AK Parti Siyaset Akademisi yedinci haftasında yine birbirinden kıymetli uzmanların dersleri ile devam etti. İlk dersi cumartesi günü Prof. Dr. Mehmet Emin Köktaş, ikinci dersi ise Ufuk Ulutaş verdi. Pazar günü ise ilk dersi, Prof. Dr. Gürsel Öngören, ikinci dersi de Abdulkadir Özbek verdi. Oldukça verimli geçen derslerde not tutmaya devam ettim. Bu haftaki köşemizde de bu notlara yer vereceğiz. 

Türkiye’nin Toplum Yapısı ve Siyasal Kültürü konu başlığı ile ilk dersi Prof. Dr. Mehmet Emin Köktaş hocamız verdi. Dersimizden köşemize yansıyan notlarımız ise şu şekilde oldu:

Sorunların farkına varmak, çözümü kolaylaştırıyor. Bir daha darbe olmayacağından emin misiniz diye sorsak kimse ‘eminiz’ diye bir cevap vermez. 12 kere yapılmış/denenmiş darbe olayının 13’üncü kez yapılmayacağından emin olamadığımız müddetçe tam demokrasiden söz edemeyiz. Bir generalin rüyasında gördüğü darbeye verdiği tepki oldukça önemlidir. Ülkemizin de acilen yeni bir anayasaya ihtiyacı vardır. 

Bir toplumun değer dünyasını anlamak istiyorsanız, o toplumun toplumsal yapısını ve siyasal kültürünü anlamak zorundasınız. Bir toplumun siyasal yapısı, o toplumun siyasal kültürü ile uyumuna bağlıdır. Irak, Suriye ve Mısır gibi ülkelerde yaşanılan sıkıntıların temeli buna dayanmaktadır. 

Bir toplumda yaşayan insanların siyasal sistemine karşı duyduğu duygu, tutum ve düşüncesine siyasal kültür denir. Almanya’da bu tarz akademiler her ilde 40 yıldır yapılıyor. Ve her ilde 10 farklı yerde yapılıyor. Bütün dini ve siyasilerin akademileri de mevcuttur. Cumhuriyetimizin kuruluşunda hiçbir itiraz olmadı. Problem daha sonrasında kurulan siyasal sisteme oldu. 
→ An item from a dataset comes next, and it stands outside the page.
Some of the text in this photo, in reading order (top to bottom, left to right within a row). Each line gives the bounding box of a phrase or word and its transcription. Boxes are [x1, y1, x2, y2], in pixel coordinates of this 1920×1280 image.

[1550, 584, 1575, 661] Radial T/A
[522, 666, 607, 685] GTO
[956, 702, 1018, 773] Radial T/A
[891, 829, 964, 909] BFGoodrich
Modern batı kendi tarihi üzerinde kurulmuştur. Örneğin, Latince bütün batıyı kuran ölü bir dildir. Sosyal bilimlerde ki bütün kavramlar Latincedir. Günlük ve akademik anlamda kullandığımız kavramların ne anlama geldiğini dahi bilmiyoruz. Mesela, rektör: eyalet papazı, dekan: şehir papazı demektir. 
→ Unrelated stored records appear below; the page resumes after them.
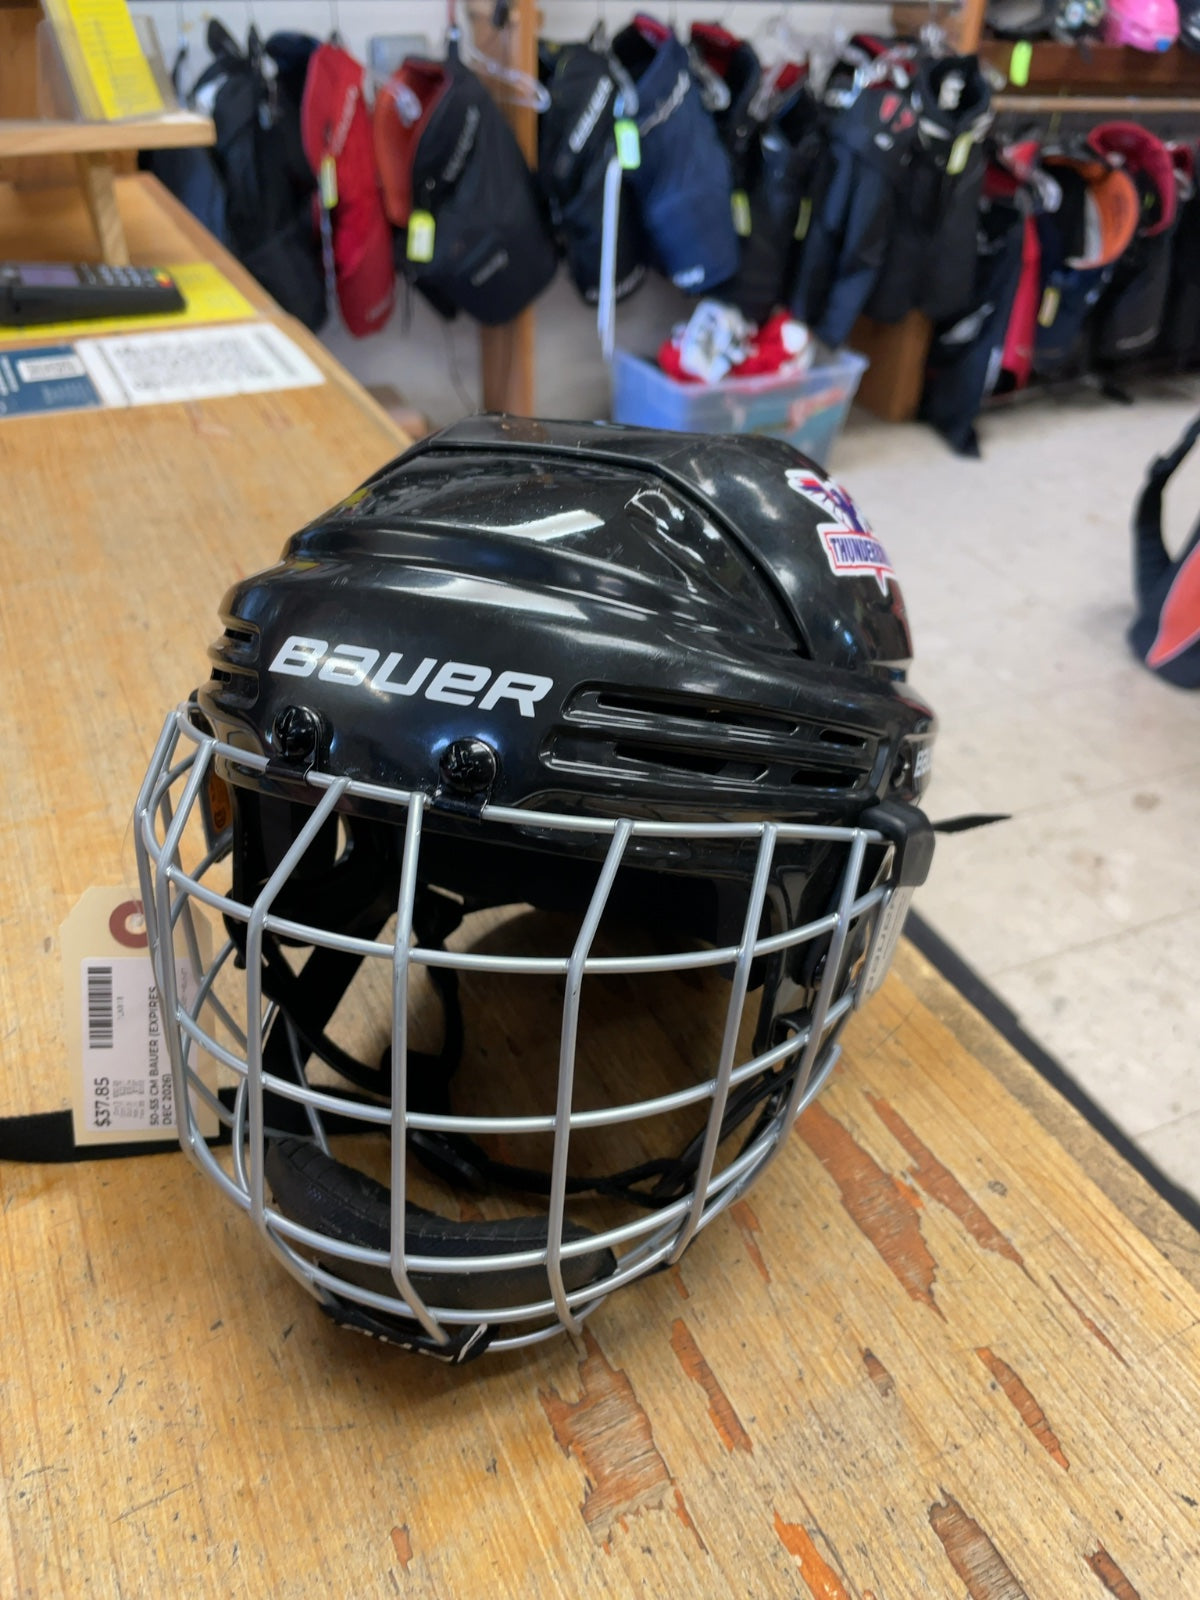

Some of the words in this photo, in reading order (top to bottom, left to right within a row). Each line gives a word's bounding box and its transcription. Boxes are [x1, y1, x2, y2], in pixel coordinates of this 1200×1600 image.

[148, 986, 161, 1037] (EXPIRES
[148, 1040, 160, 1077] BAUER
[93, 1077, 112, 1127] $37.85
[149, 1079, 160, 1096] CM
[162, 1074, 173, 1101] 2026)
[162, 1104, 173, 1126] DEC
Biz neden kendi köklerimiz üzerinden inşa etmemekteyiz. Kültürümüzün birinci ana dayanağı; Osmanlıdır. Bundan dolayıdır ki 90 yıllık bir cumhuriyet sürekli sallanmaktadır. Çünkü biz kendi kültürümüz üzerine inşa etmedik. Bir beylikten 6 yüzyıl devam eden bir sistem nasıl yapıldı? Amerika dahi Türkiye’den daha fazla Osmanlıyı incelemiştir. Osmanlıyı devlet yapan ve sistemi kuran Fatih Sultan Mehmet’tir. 
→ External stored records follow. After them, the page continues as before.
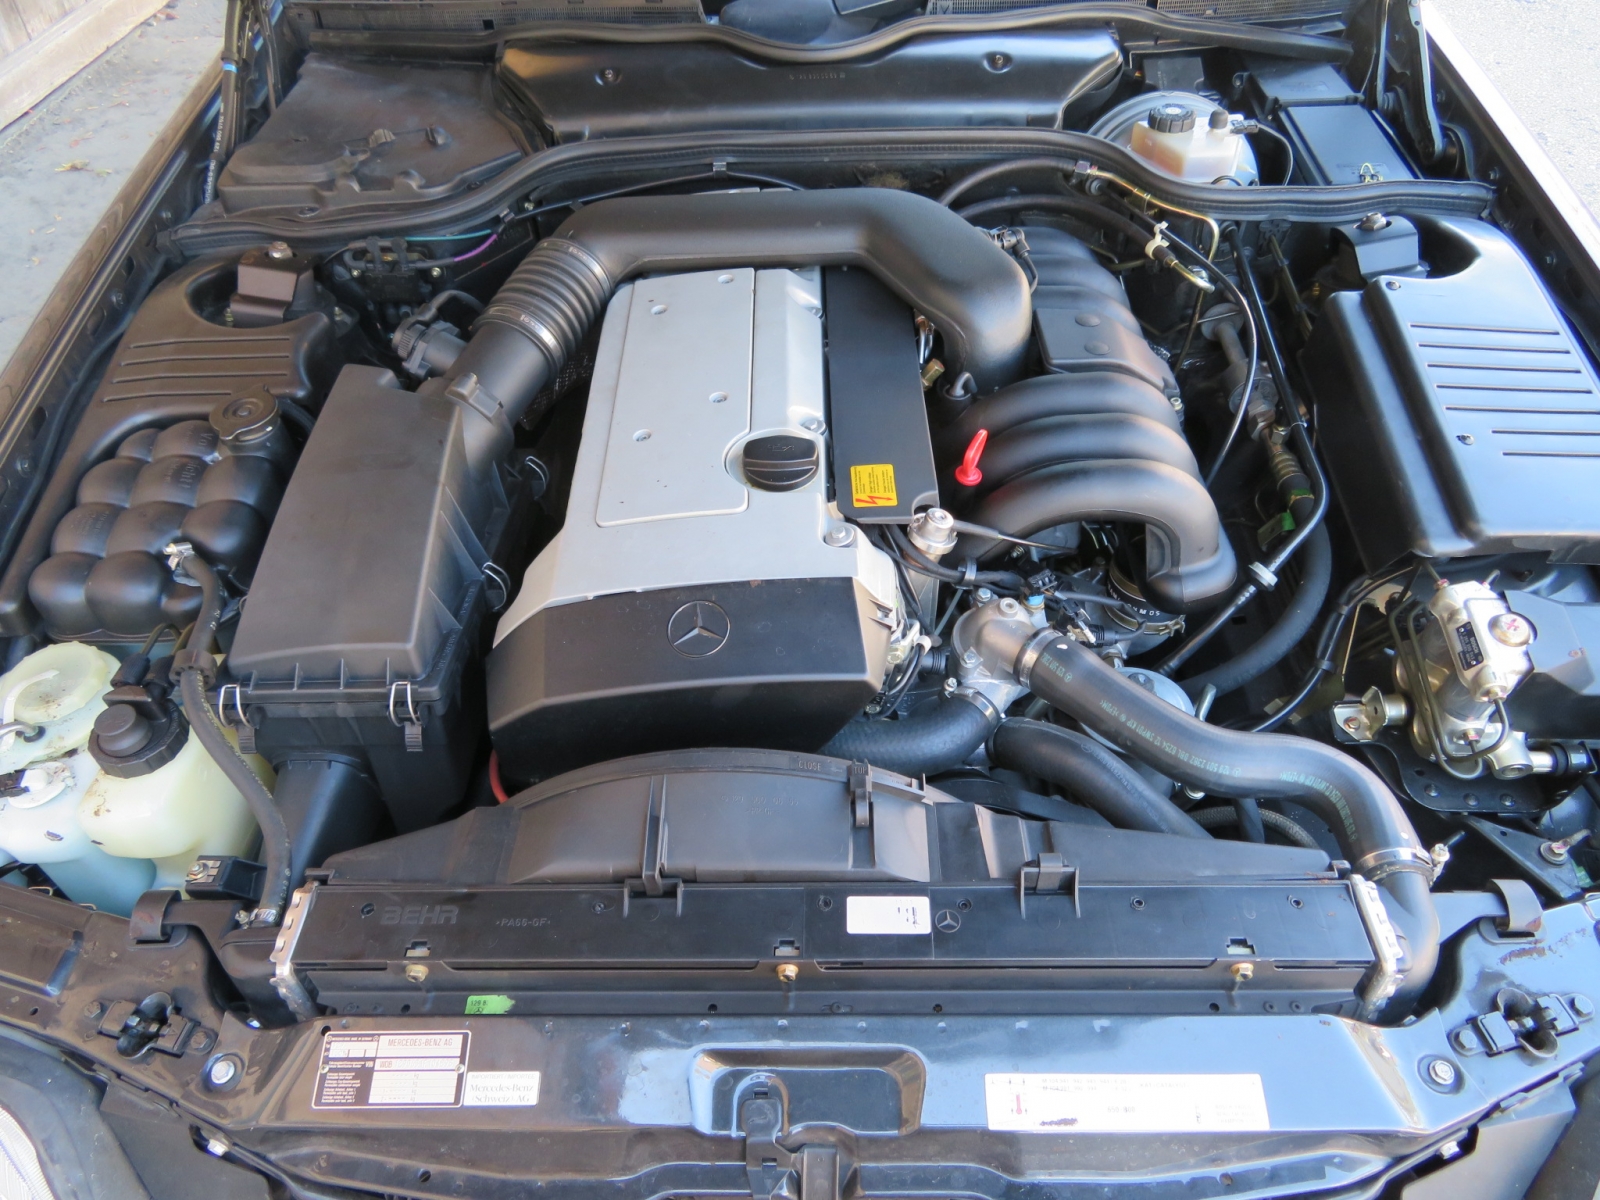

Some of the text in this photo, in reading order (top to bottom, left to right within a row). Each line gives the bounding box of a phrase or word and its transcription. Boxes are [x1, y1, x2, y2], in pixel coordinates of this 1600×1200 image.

[798, 760, 821, 771] CLOSE
[854, 765, 867, 774] TOP
[380, 905, 459, 925] BEHR
[387, 1038, 453, 1047] MERCEDES-BENZ AG
[379, 1060, 393, 1069] WDB
[470, 1083, 534, 1093] Mercedes-Benz
[517, 1094, 530, 1103] AG
Devletin varlığı sağlam bir sisteme borçludur. Mesela Timur ve Büyük İskender gibi liderler kendi sistemlerini kuramadıkları için onların gidişi ile birlikte devlette gitti. 
Biz Osmanlı devletini boş verdik. Cumhuriyet ile birlikte kurulan Eti Bank, Sümer Bank gibi isimler neden kullanıldı. 

Neden tarihimize ait kavramlar kullanılmadı? Libya, Afrika gibi yerlerin tarihi Osmanlı olmadan yazılamaz. 

Tarih bizi sürekli zorluyor ama biz kaçmaya devam ediyoruz. Bu dinamiklerimizi kullanmamız lazım. Ondan dolayıdır ki sadece bizim ülke vatandaşlarına ait bir söylem vardır: bulunduğumuz yeri hak etmiyoruz!

Avrupa Birliği, 50 yıl sonra kendini taşıyamayacak. Bunun içindir ki, yeni göç ihtiyacı vardır. Bu göç dalgasında kesinlikle Müslüman Türkleri istemiyorlar. Çünkü adapte olma sıkıntısını yaşıyorlar. 

Hiçbir zaman ikinci olmayı kendilerine yediremiyorlar. 

İlla ki birinci olacaklar. Tüm bunları sağlayan şey, şuurumuz da Osmanlının olmasıdır.